#### Records for the exercise ####

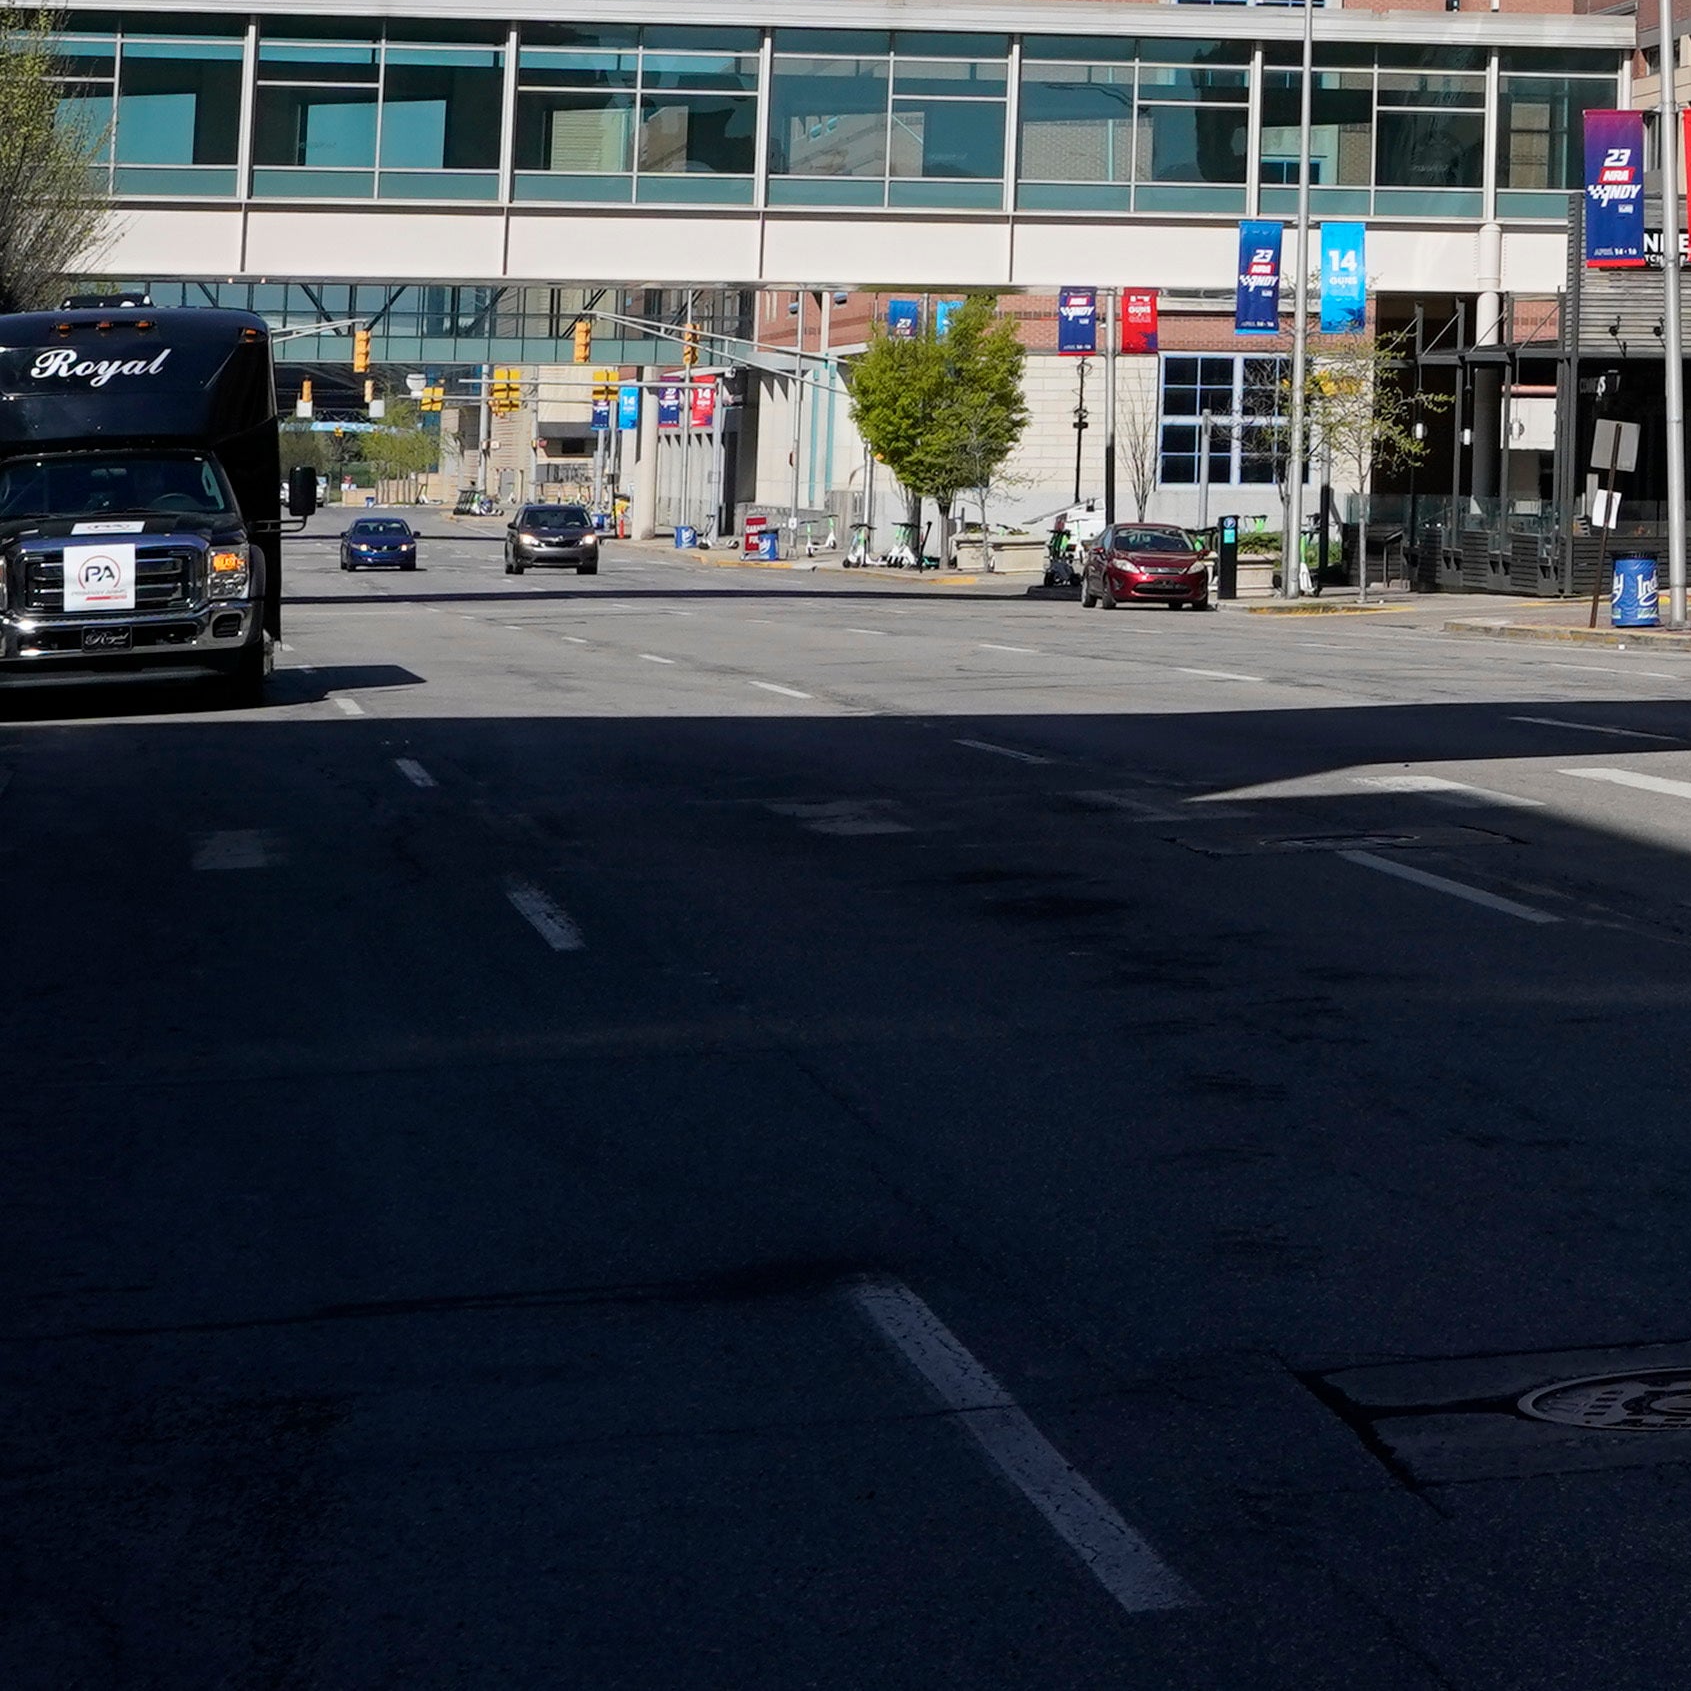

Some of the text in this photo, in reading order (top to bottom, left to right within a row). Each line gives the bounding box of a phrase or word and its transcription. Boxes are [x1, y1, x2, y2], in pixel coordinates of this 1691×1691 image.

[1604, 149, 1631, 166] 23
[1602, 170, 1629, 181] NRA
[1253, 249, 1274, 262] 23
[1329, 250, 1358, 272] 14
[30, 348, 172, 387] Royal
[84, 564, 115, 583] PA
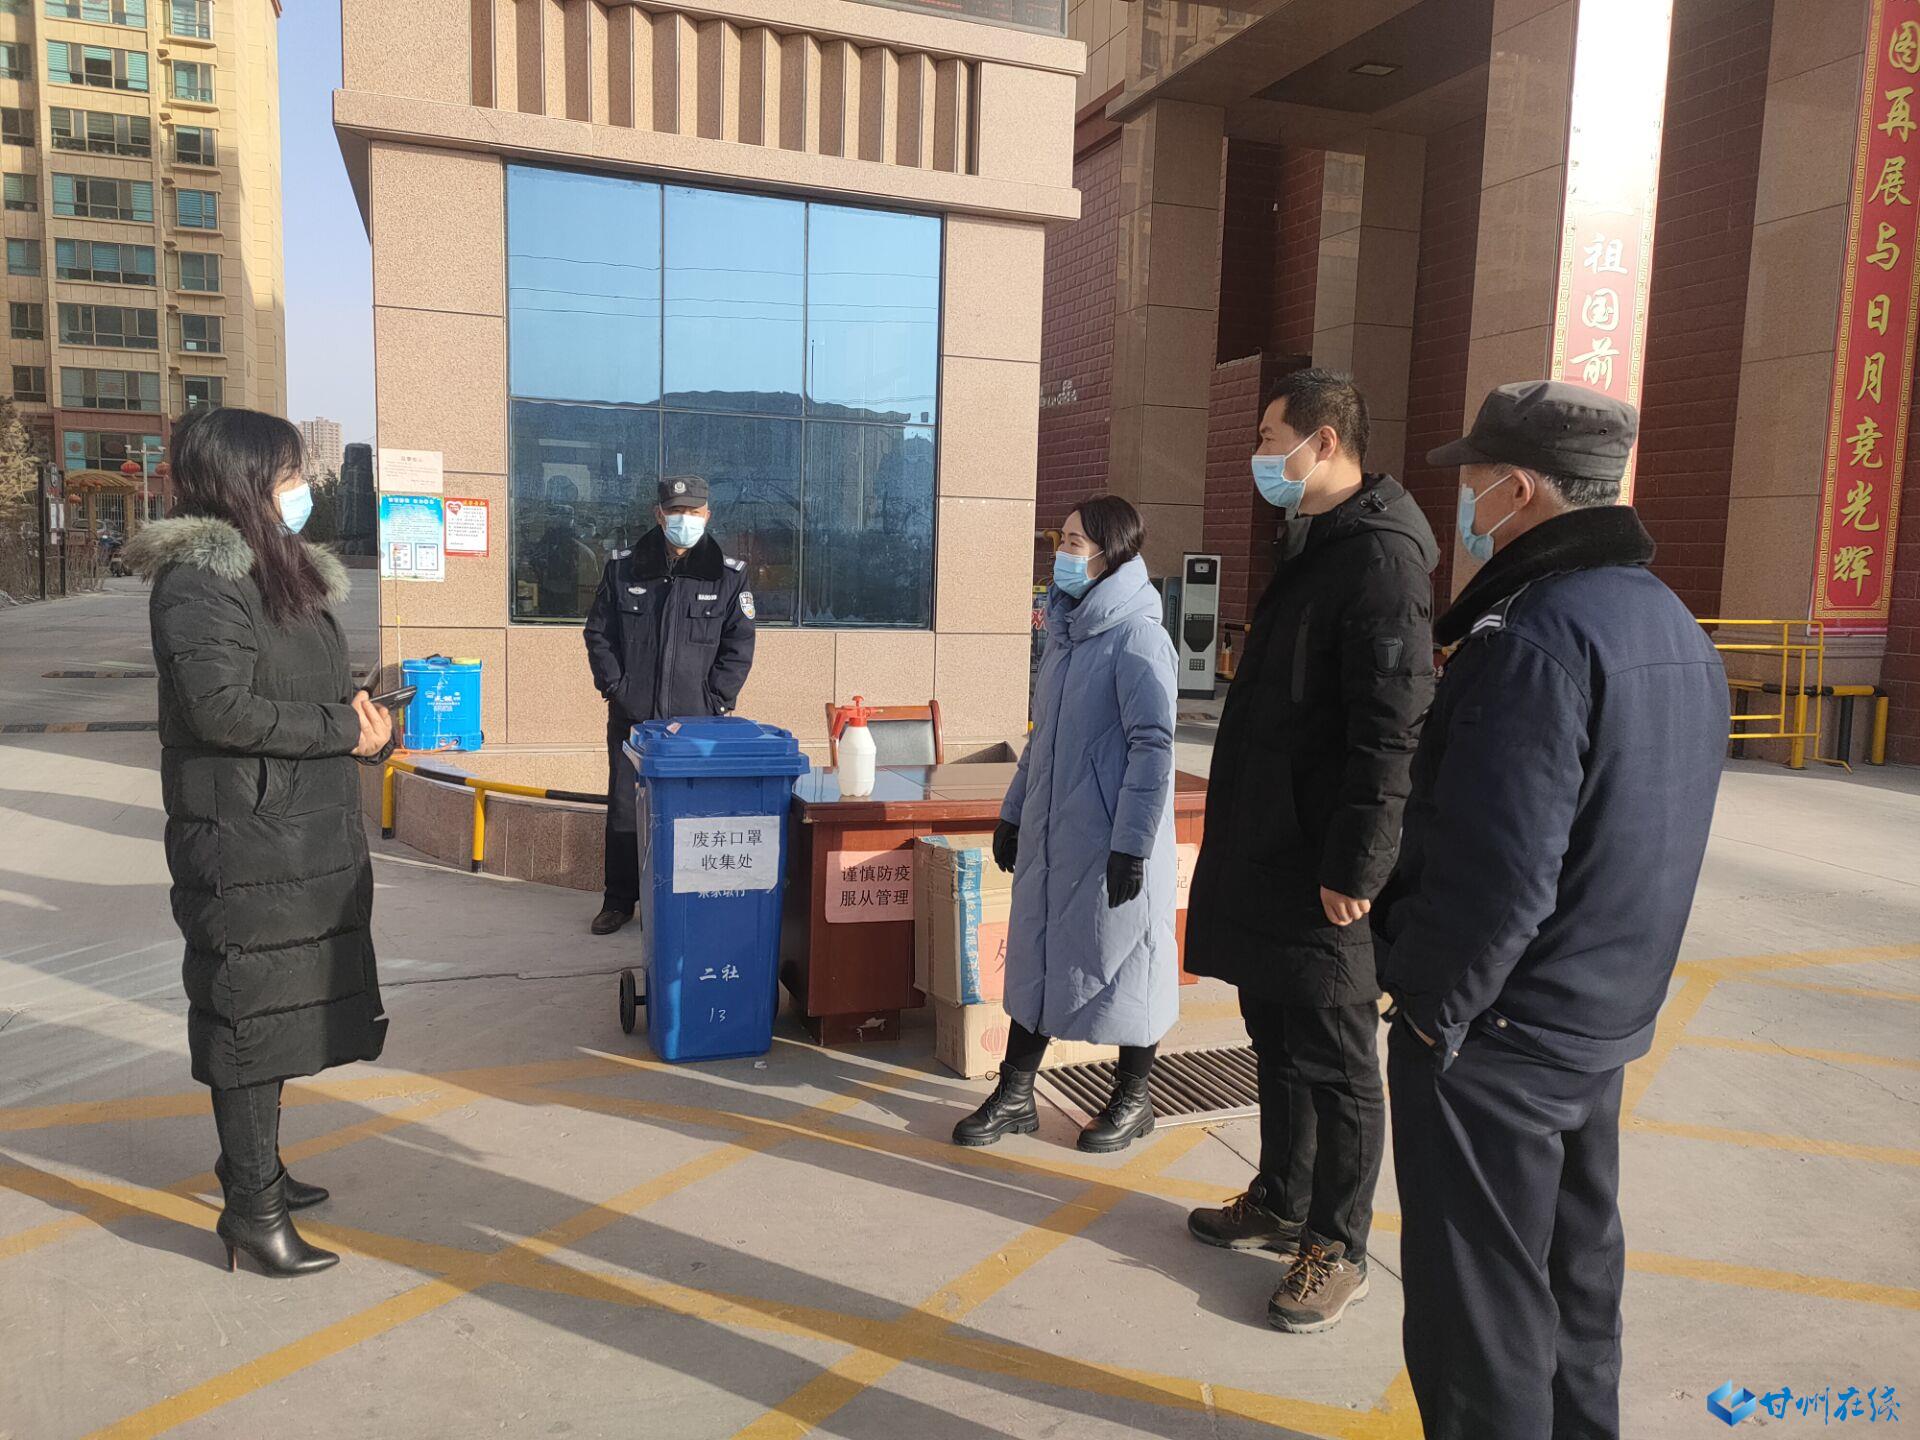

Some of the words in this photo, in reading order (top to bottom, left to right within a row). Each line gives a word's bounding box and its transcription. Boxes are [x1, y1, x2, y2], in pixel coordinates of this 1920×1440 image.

####

◆ Work order ◆
What is needed here is each line above set down word for word, minus the images.

◆ Response area ◆
Some of the text in this photo, in reading order (top to bottom, left to right within a row). Each line gives the bounding box of a phrase or word and its transcription. Boxes are [x1, y1, x2, y2], in pixel coordinates of this 1691×1691 image.

[1604, 149, 1631, 166] 23
[1602, 170, 1629, 181] NRA
[1253, 249, 1274, 262] 23
[1329, 250, 1358, 272] 14
[30, 348, 172, 387] Royal
[84, 564, 115, 583] PA

Some of the words in this photo, in reading order (top to bottom, left to right within a row). Each line gives a word's bounding box and its transcription. Boxes are [x1, y1, x2, y2], in pixel coordinates of this 1920×1440 image.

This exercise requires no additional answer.